Free-text object descriptions
[Start of Attachment]
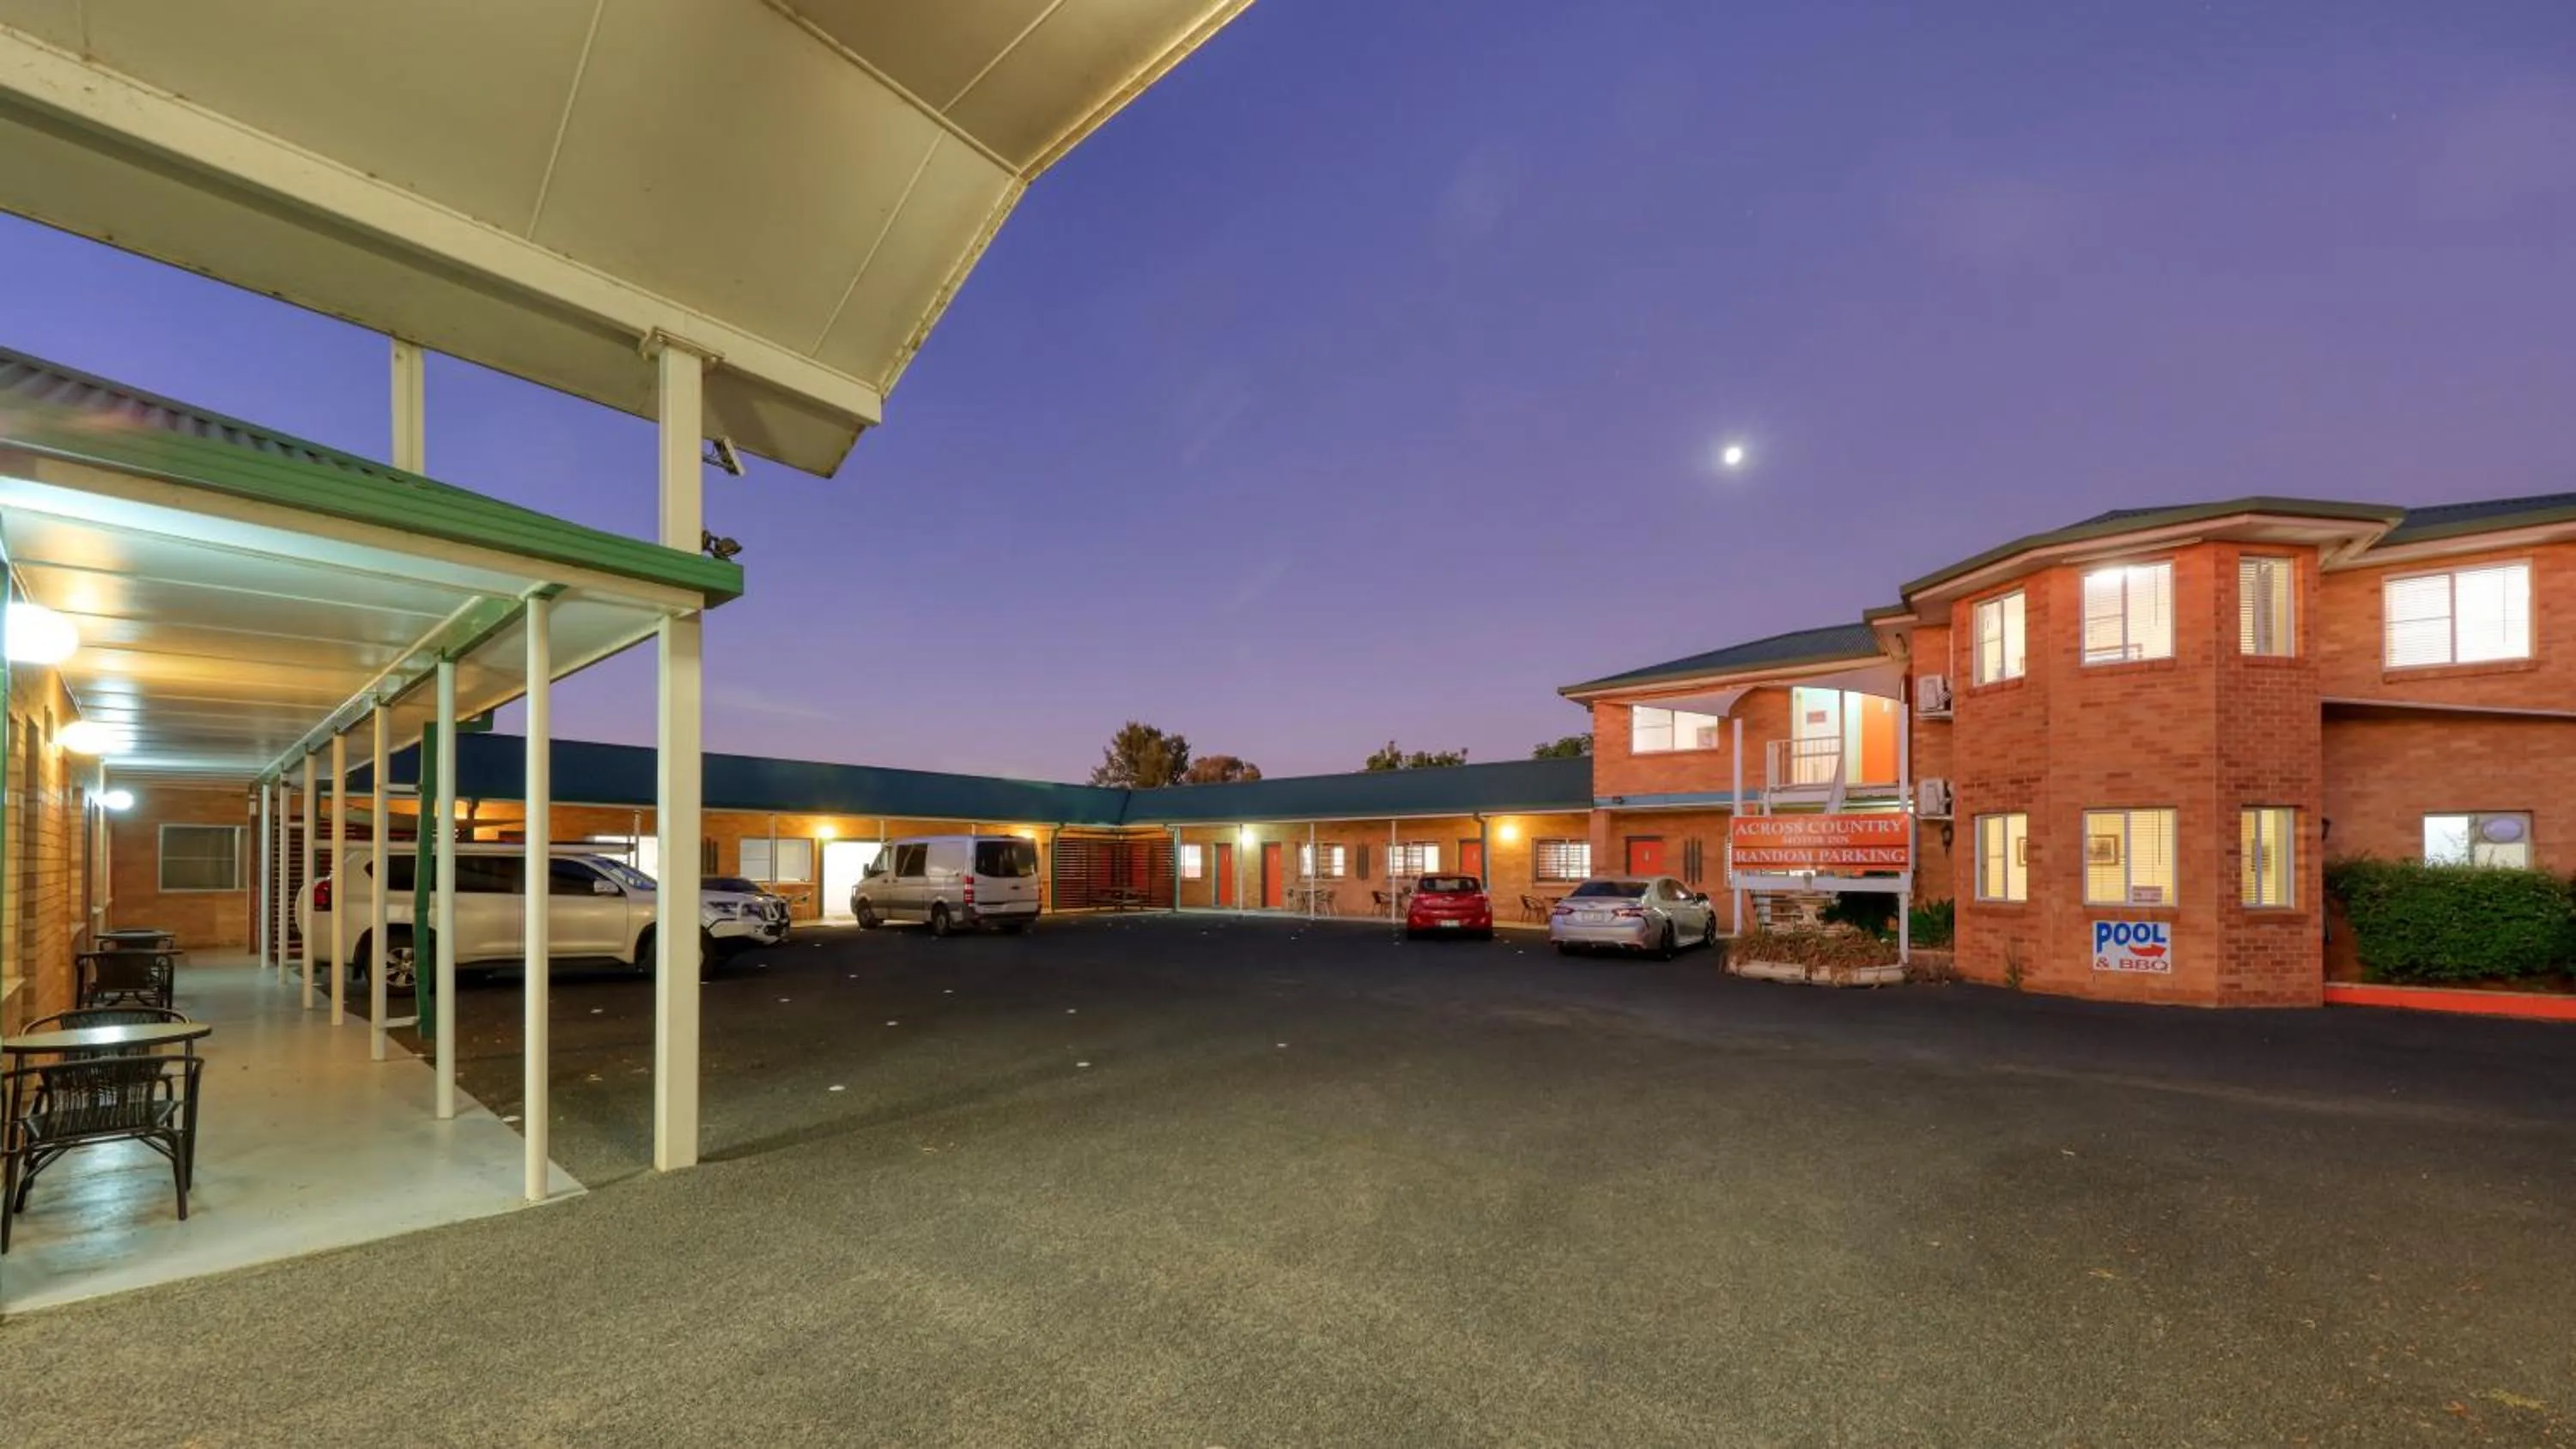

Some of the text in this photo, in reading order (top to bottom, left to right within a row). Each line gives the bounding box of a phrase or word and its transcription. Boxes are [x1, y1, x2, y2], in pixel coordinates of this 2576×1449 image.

[1735, 819, 1904, 835] ACROSS COUNTRY
[1735, 848, 1905, 863] RANDOM PARKING
[2096, 922, 2167, 954] POOL
[2095, 956, 2168, 971] & BBQ
[End of Attachment]
## Problem description
Here the job is to print all the data exactly, skipping any image.

## Response to this exercise
Some of the text in this photo, in reading order (top to bottom, left to right within a row). Each line gives the bounding box of a phrase or word and its transcription. Boxes are [x1, y1, x2, y2], in pixel coordinates of this 2576×1449 image.

[1735, 819, 1904, 835] ACROSS COUNTRY
[1735, 848, 1905, 863] RANDOM PARKING
[2096, 922, 2167, 954] POOL
[2095, 956, 2168, 971] & BBQ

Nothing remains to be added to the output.